Evaluation of the stability of the NES peptides at the CRM1 binding groove based on structure modeling

Recent structural works of CRM1 complexed with various cargo sequences expand the possible consensus patterns13,14. Also, the NES-binding site in RanGTP-bound CRM1 is found to be quite rigid, and the peptides display CRM1-dependent NES activity only if their backbone conformations can place a sufficient number of the hydrophobic residues into the CRM1’s binding groove11. The adapting conformation of the peptides can be efficiently analyzed by structure-based modeling methods so that the application of the structural information can advance more accurate NES prediction.

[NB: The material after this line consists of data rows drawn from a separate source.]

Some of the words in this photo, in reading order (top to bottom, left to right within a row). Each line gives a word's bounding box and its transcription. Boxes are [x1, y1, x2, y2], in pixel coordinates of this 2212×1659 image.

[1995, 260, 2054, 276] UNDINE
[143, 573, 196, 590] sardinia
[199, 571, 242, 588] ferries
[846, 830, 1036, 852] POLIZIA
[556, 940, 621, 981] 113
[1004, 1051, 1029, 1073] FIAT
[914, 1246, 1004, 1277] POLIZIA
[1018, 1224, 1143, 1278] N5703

Using the reported NES peptides with experimental binding affinities14,31 as a benchmarking set (Table 1), we evaluated the binding energy (Ebind) for a given peptide sequence at the CRM1 groove (see Methods for details). Binding energy can be assumed as relative stability of the protein(CRM1)-peptide(NES) complex structure compared to the protein itself and free peptide. The lower the binding energy, the higher the possibility for the peptide segments to bind at CRM1. Multiple crystal structures of CRM1-NES peptide (super PKI and MVM-NS2 for classes 1a; FMRP-1b for class 1b; SNUPN for class 1c; FMRP and SMAD4 for class 2; HIV-Rev for class2-rev type; X11L2 for class 4; and CPEB4 for class 1a-reverse; class 1a templates can be used to fit class 3 NES peptides) were utilized as templates. The model generation and energy calculation process are summarized in Fig. 5A.

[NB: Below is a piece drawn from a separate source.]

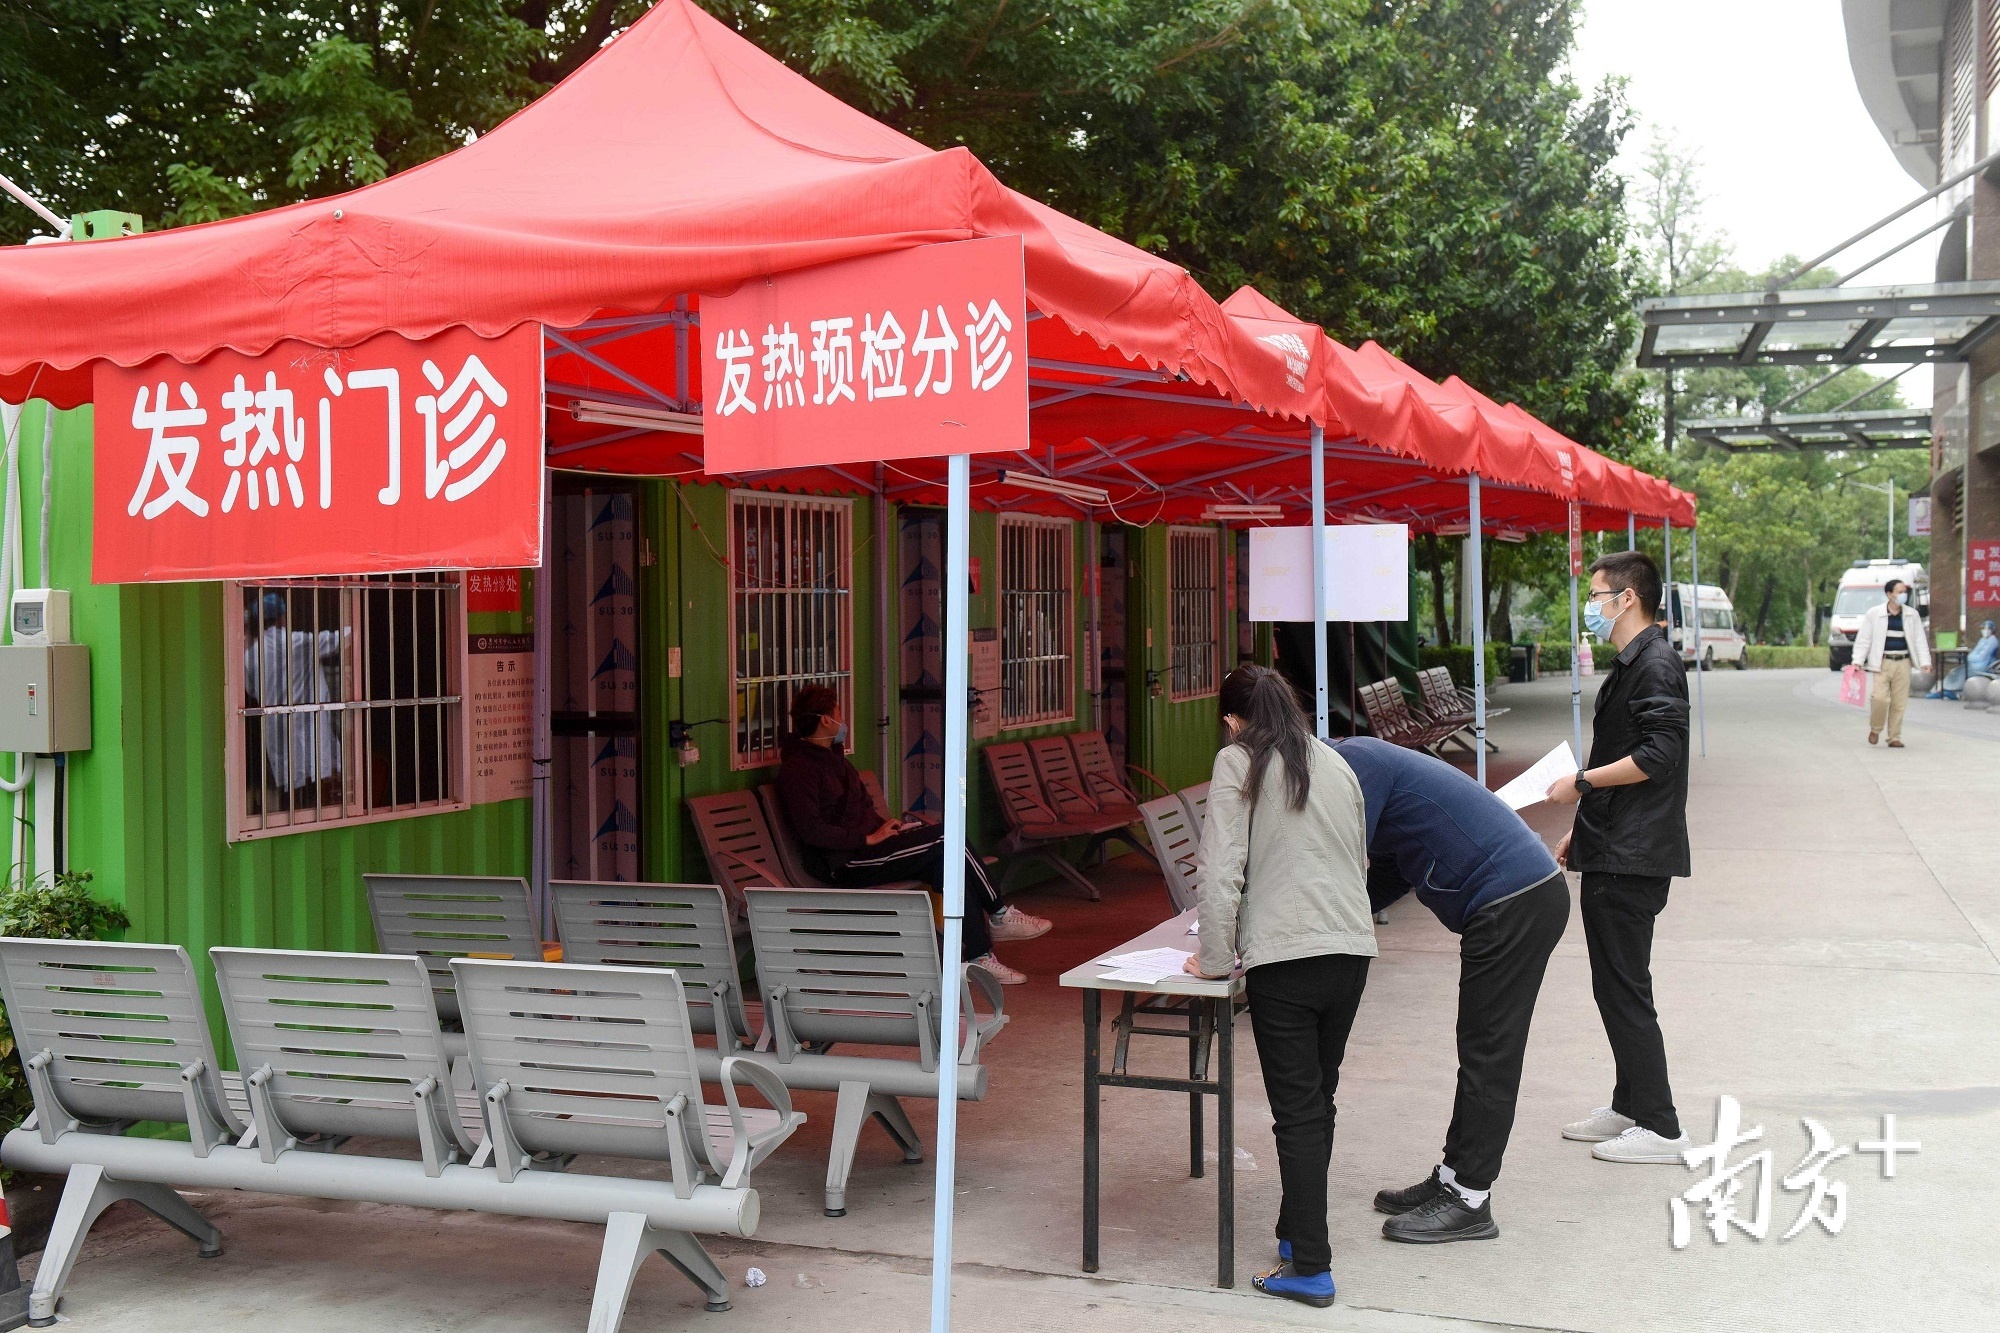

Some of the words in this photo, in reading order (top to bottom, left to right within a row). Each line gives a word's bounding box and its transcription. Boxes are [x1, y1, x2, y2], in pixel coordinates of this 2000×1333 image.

[715, 298, 1013, 417] 发热预检分诊
[127, 354, 508, 520] 发热门诊
[1974, 549, 1985, 602] 取药点
[497, 661, 515, 672] 告示

Table 1 Peptide sequences of the validated NES motifs or false positives used in the structure-based modeling.
Figure 5
figure 5

Structure-based prediction of the stability of CRM1-NES peptide complex. (A) CRM1-NES peptide complex model generation and Ebind calculation procedure. (B) Generated models for the complex structures of CRM1-NES peptides with lowest Ebind. Class 1a peptides are displayed with CRM1 (in white) at the top. The hydrophobic (Φ) residues of these NES peptides (shown in the sticks) occupy the corresponding hydrophobic pockets (P0-P4) in CRM1. Peptides of other classes are shown at the bottom with the hydrophobic residues shown in the sticks.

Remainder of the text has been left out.